This started while trying figure out why loading a web page in a browser from apache via HTTP was so very slow going through a pinhole from an untrusted network to a trusted one. I thought it was smoothwall related, see my post here http://community.smoothwall.org/forum/viewtopic.php?p=297864#p297864 but not so sure and drove me to using wireshark and tcpdump. This is what I am seeing and lead to my main question of why does wireshark show 3 packets but tcpdump only shows 1 big packet? Is something combining them? Why do the ID's go in order for both wireshark and tcpdump (39771, 39772, 39773) and then wireshark goes to 700x but tcpdump goes to 39774? ug, out of my league here. Wireshark on the wire shows 3 packets, id 7006, 7007, 7008 with a Total Length of 1500, however, on the router running tcpdump, I see ONE packet, id 39774 with a size of 4420 which causes the router to generate an ICMP Destination unreachable (Fragmentation needed).

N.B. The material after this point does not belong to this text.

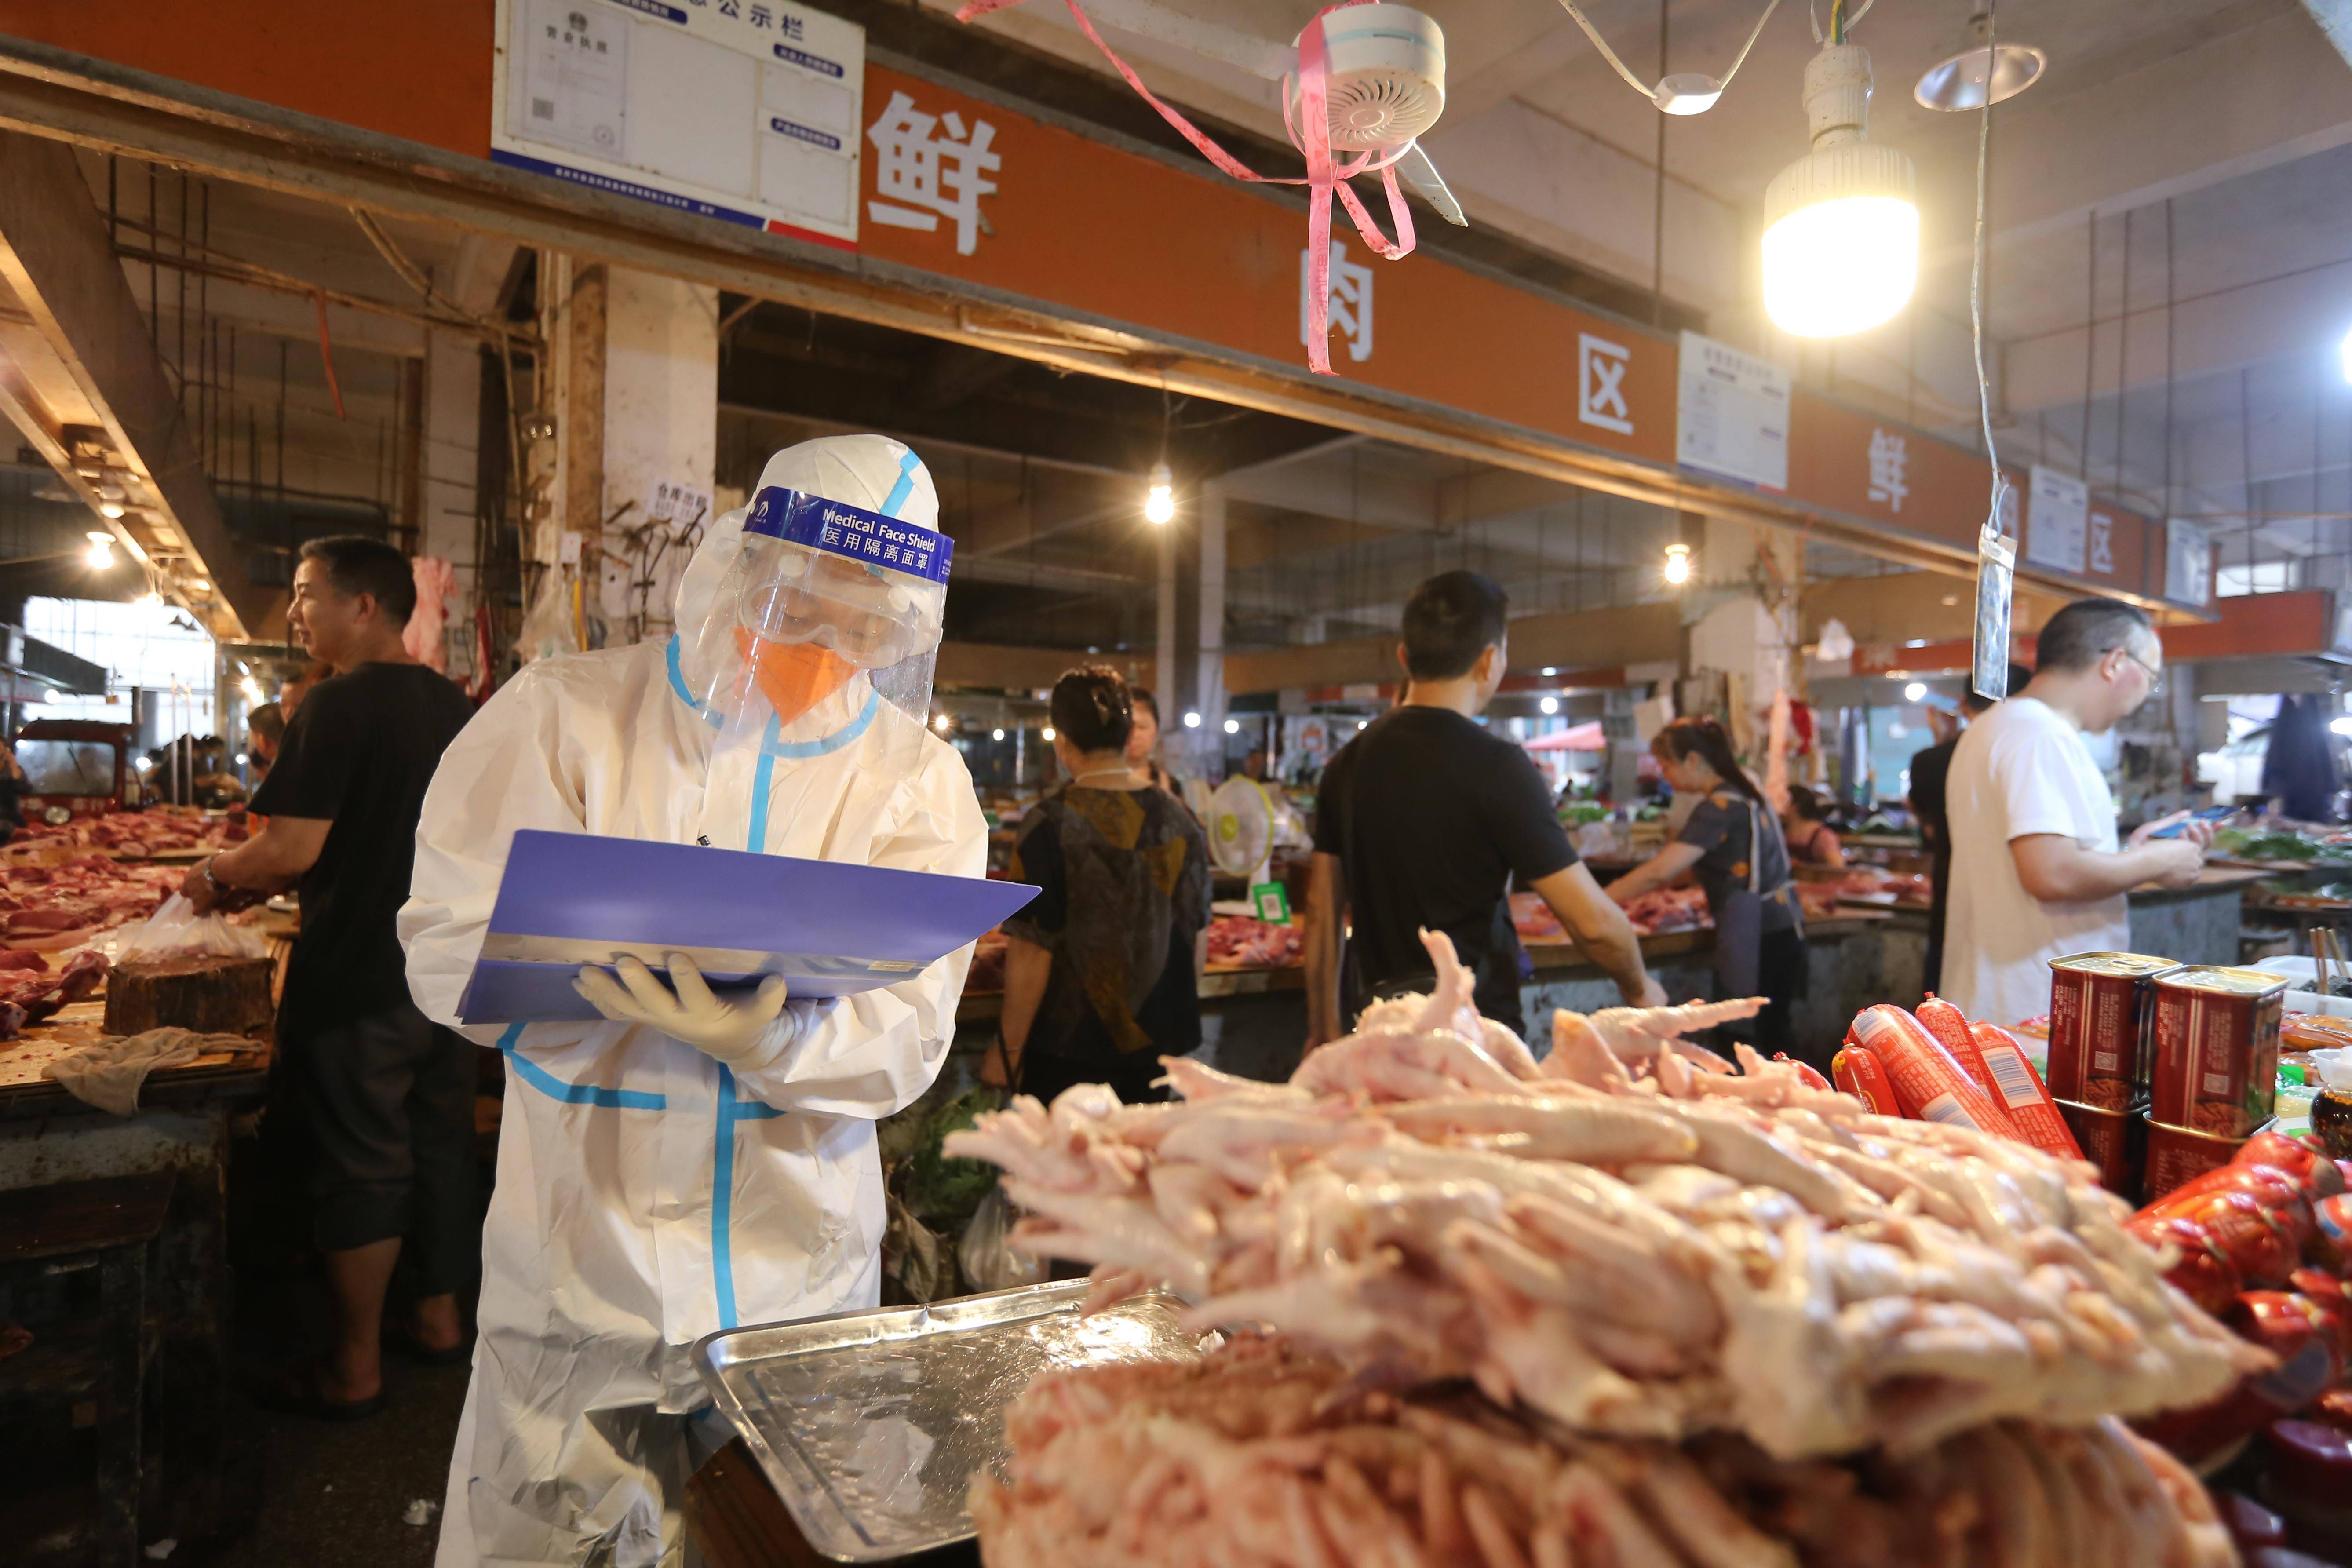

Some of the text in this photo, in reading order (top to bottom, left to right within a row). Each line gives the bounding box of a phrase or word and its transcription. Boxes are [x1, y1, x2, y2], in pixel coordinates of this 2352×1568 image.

If Debian is the source machine, very many ICMP Fragmentation Required packets are generated by the router. If Windows XP is the source machine, transfer is very fast and no ICMPs. vmware-tools and vmxnet3 driver is installed on everything (debian, windows, router) Edit: 9-may-2011 While the issue was not related to wireshark or tcpdump, it was the strange packets I was seeing that sent me here to ask “why” which may have got me looking in the right place. asked 05 May ‘11, 08:53 gregg edited 08 May ‘11, 09:17 |
3 Answers:
So, it looks like I found a fix: VMware_Networking_Speed_Issue Cause: There is a bug related VMware network adapters or their drivers related to "segmentation offload" (TSO and GSO). I have heard one mention that the checksum feature may also have problems. Solution: Turning off TSO/GSO on the guest OSes is the fool-proof solution. You could try installing a newer OS or try playing with the adaptor type (eg: E1000, VMxnet2) but that seems to work only some of the time. Linux solution (worked for me)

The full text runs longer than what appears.